Neuroinflammation has been proposed as an underlying mechanism of ME/CFS that could explain a large set of symptoms. Several studies suggest neuroinflammation in the cortical and limbic regions of the brain. Individuals with ME/CFS, for instance, have higher brain lactate and choline levels, which are signs of neuroinflammation. More direct evidence from two small positron emission tomography studies of microglia, a type of immune cell in the brain, were contradictory, however.

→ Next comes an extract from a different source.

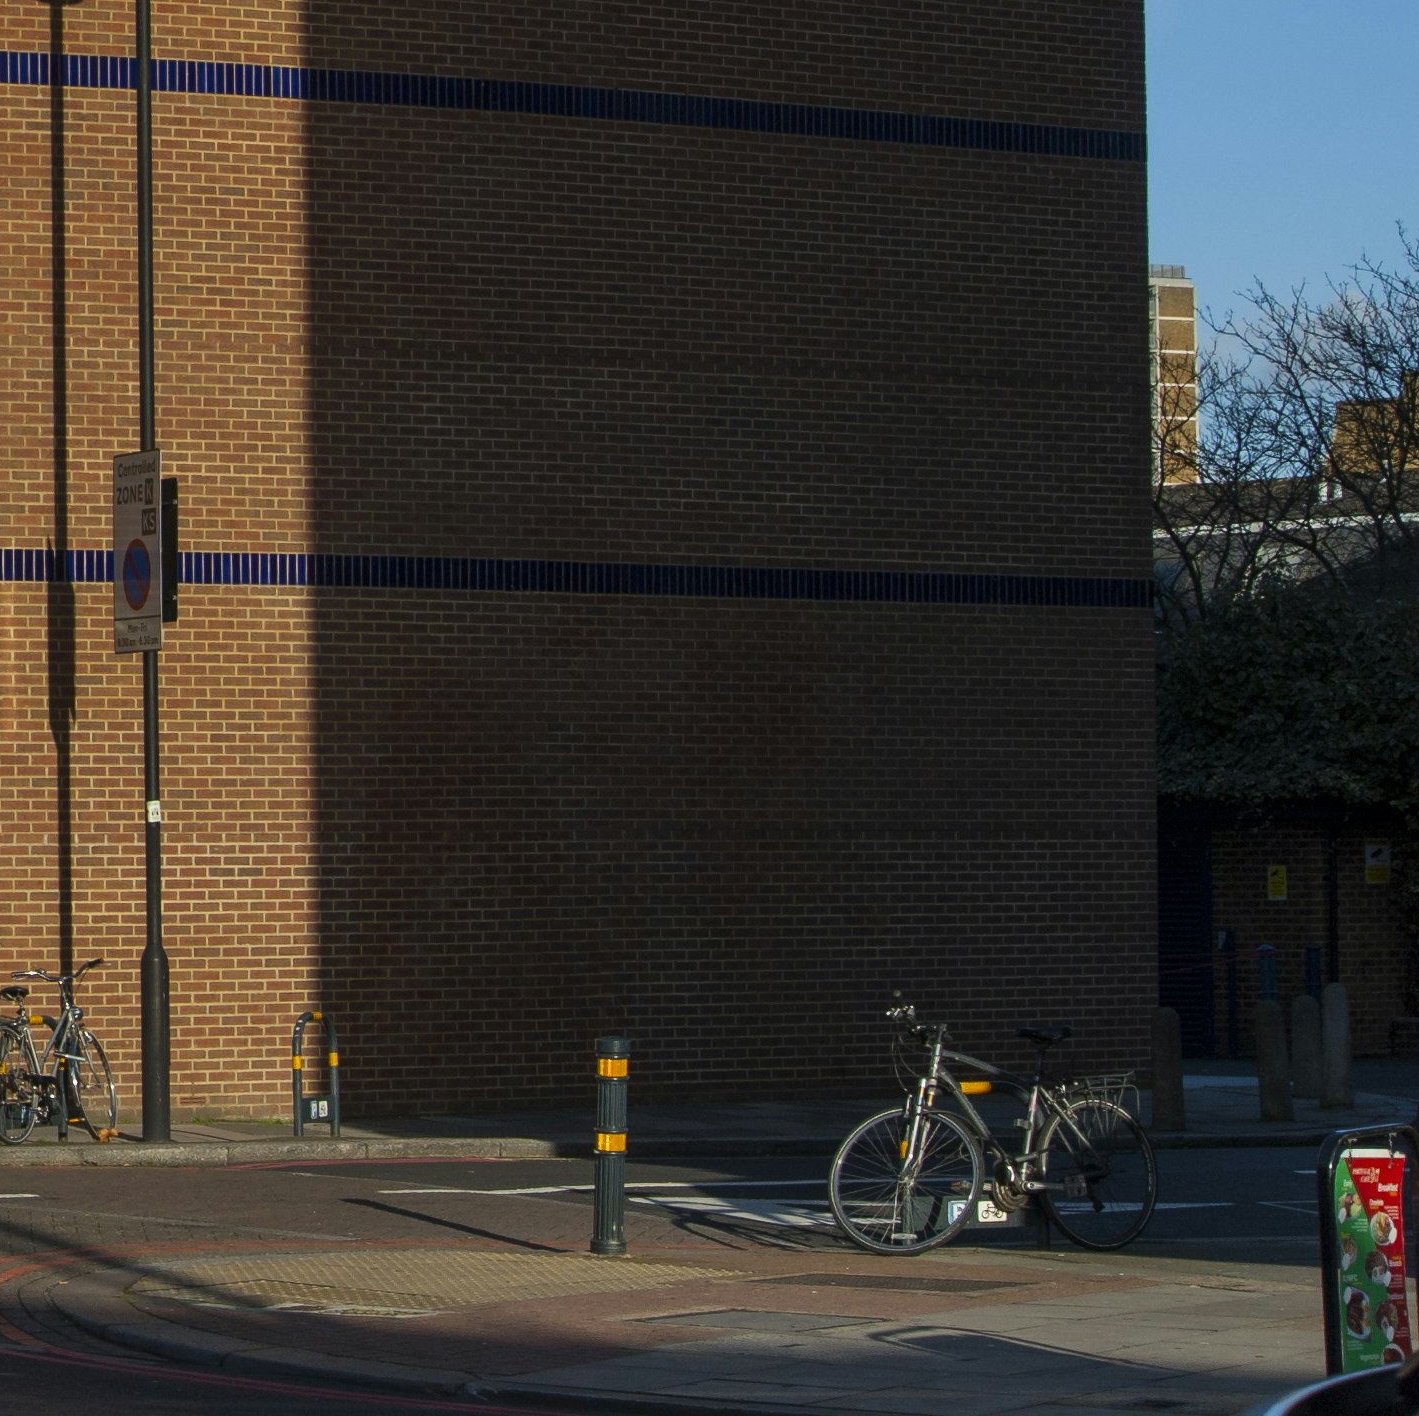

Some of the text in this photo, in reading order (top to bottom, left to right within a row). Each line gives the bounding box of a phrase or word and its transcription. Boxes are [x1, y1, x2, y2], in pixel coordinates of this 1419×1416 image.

[117, 458, 156, 478] Controlled
[116, 484, 143, 505] ZONE
[142, 511, 156, 532] KS

ME/CFS affects sleep. Individuals experience decreased sleep efficiency, take longer to fall asleep, and take longer to achieve REM sleep, a phase of sleep characterised by rapid eye movement. Changes to non-REM sleep have also been found, together suggesting a role of the autonomic nervous system. Individuals often have a blunted heart rate response to exercise, but a higher heart rate during a tilt table test when the body is rotated from lying flat to an upright position. This again suggests dysfunction in the autonomic nervous system.

=== Immunological ===
People with ME/CFS often have immune system abnormalities. A consistent finding in studies is a decreased function of natural killer cells, a type of immune cell that targets virus-infected and tumour cells. They are also more likely to have active viral infections, correlating with cognitive issues and fatigue. T cells show less metabolic activity. This may reflect they have reached an exhausted state and cannot respond effectively against pathogens.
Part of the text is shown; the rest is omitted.